Section 5 extends TFN to an attention‑based architecture, the SE(3)-Transformer. Queries Q_i, keys K_j, and values V_j are constructed as spherical tensors of possibly different degrees (l_q, l_k, l_v). Attention scores are defined as equivariant inner products ⟨Q_i, K_j⟩, which are computed using the same Clebsch–Gordan machinery to guarantee rotation invariance of the scalar scores. After a softmax normalization, the scores weight the corresponding value tensors, and the weighted sum yields the updated node representation. Multi‑head attention is realized by stacking several independent sets of (Q,K,V) with distinct radial functions and degree assignments, dramatically increasing expressive power. Additional components such as norm‑based nonlinearity and edge‑feature incorporation are described to stabilize training and enrich relational modeling.

Section 6 demonstrates the full pipeline on the QM9 molecular property prediction benchmark. Molecules are converted into geometric graphs where atoms are nodes and inter‑atomic vectors become edge attributes. Node embeddings encode atomic number and electronic configuration; edge embeddings encode distances and directions via spherical tensors. The model stacks three to five equivariant layers (TFN or SE(3)-Transformer blocks) and is trained end‑to‑end without any data augmentation.
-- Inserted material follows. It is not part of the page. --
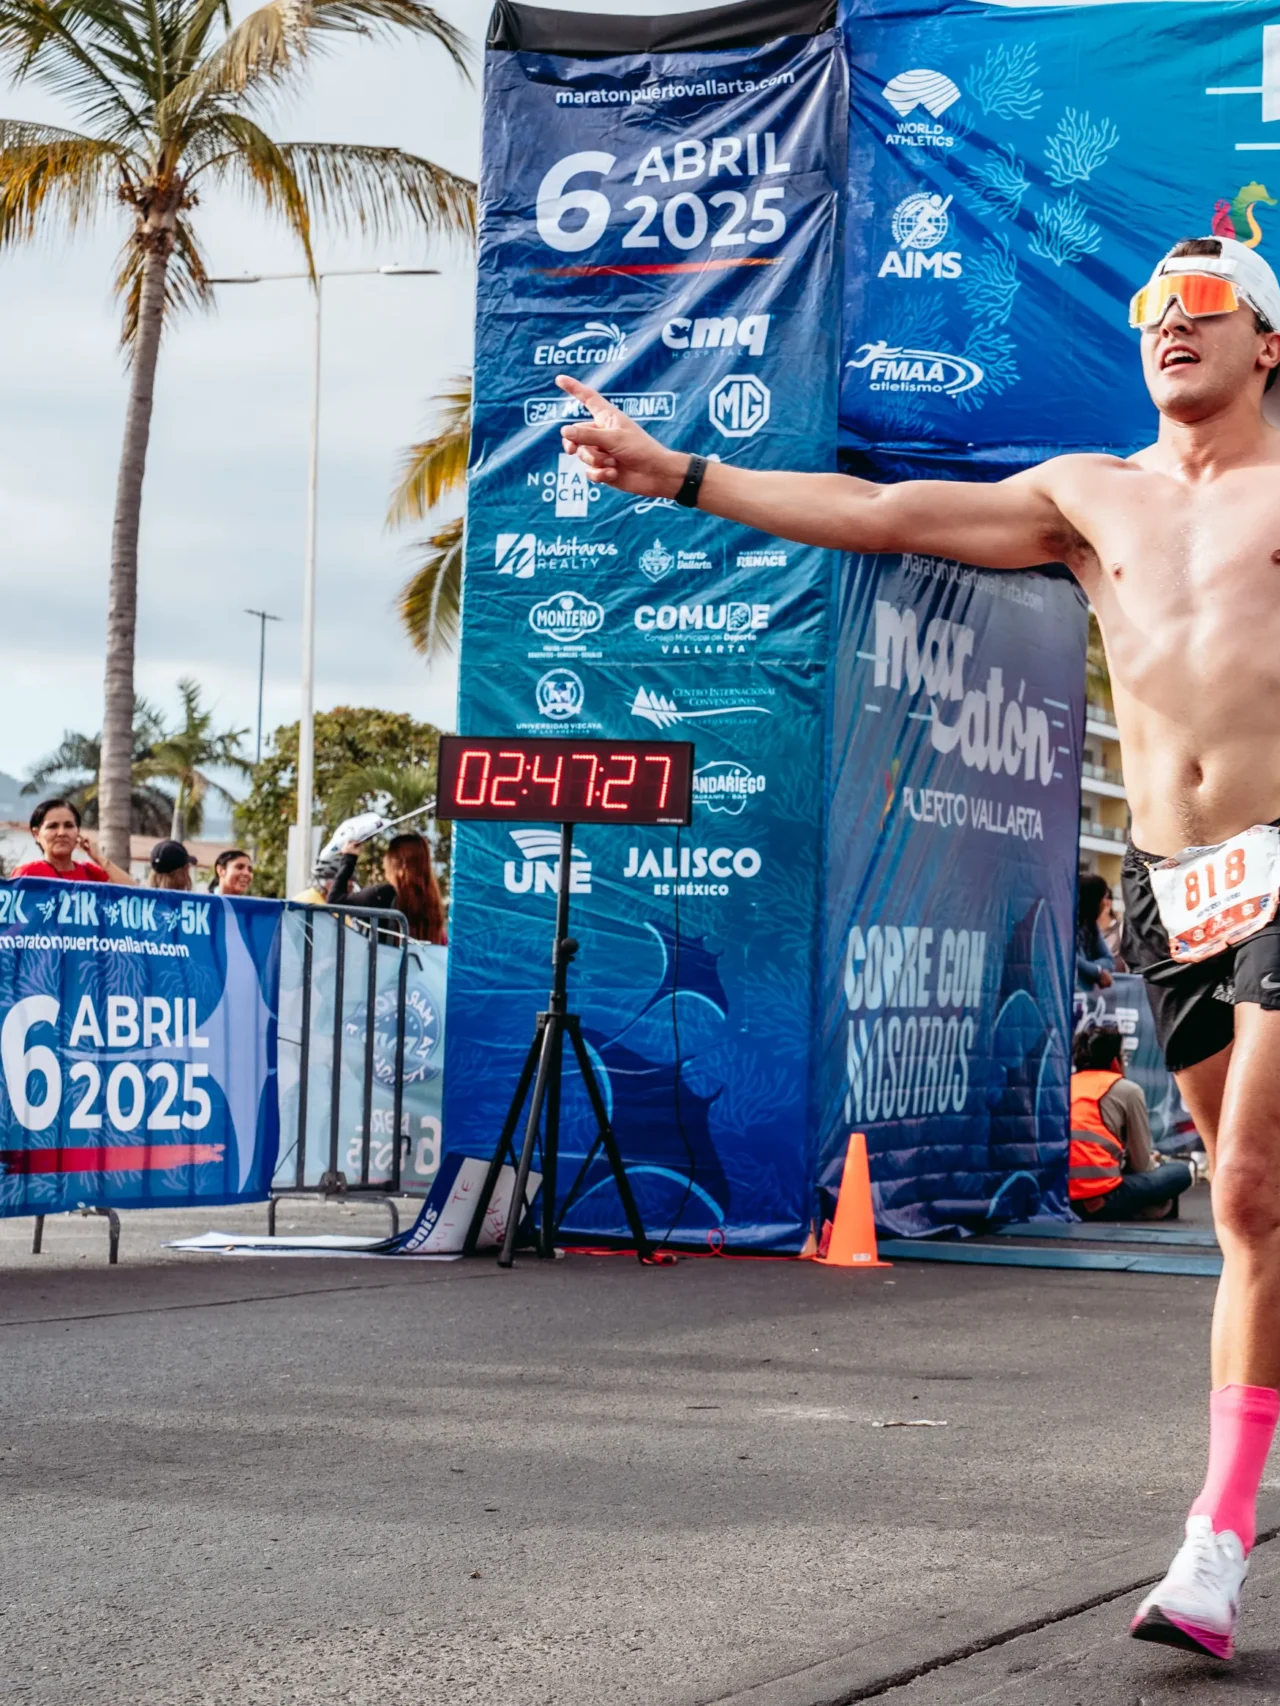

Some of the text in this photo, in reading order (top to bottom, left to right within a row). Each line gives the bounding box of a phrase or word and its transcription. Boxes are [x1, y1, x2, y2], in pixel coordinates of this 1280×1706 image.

Results show that the equivariant models achieve state‑of‑the‑art accuracy on multiple QM9 targets while converging faster than non‑equivariant baselines, confirming the practical benefits of built‑in rotational symmetry.
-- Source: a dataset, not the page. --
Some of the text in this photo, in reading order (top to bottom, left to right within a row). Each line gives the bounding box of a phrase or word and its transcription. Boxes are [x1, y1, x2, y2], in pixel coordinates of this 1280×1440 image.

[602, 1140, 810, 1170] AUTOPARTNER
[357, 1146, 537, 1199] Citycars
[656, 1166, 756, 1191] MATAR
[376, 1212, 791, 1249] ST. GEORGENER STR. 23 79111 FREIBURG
The conclusion emphasizes that spherical equivariant architectures embed physical symmetries directly into the learning process, yielding data‑efficient, physically consistent, and highly expressive models. By pairing rigorous mathematical derivations with annotated PyTorch/DGL code, the guide equips researchers and engineers with a ready‑to‑use toolkit for implementing, extending, and applying EGNNs to a broad range of 3D learning problems, from quantum chemistry to protein design and beyond.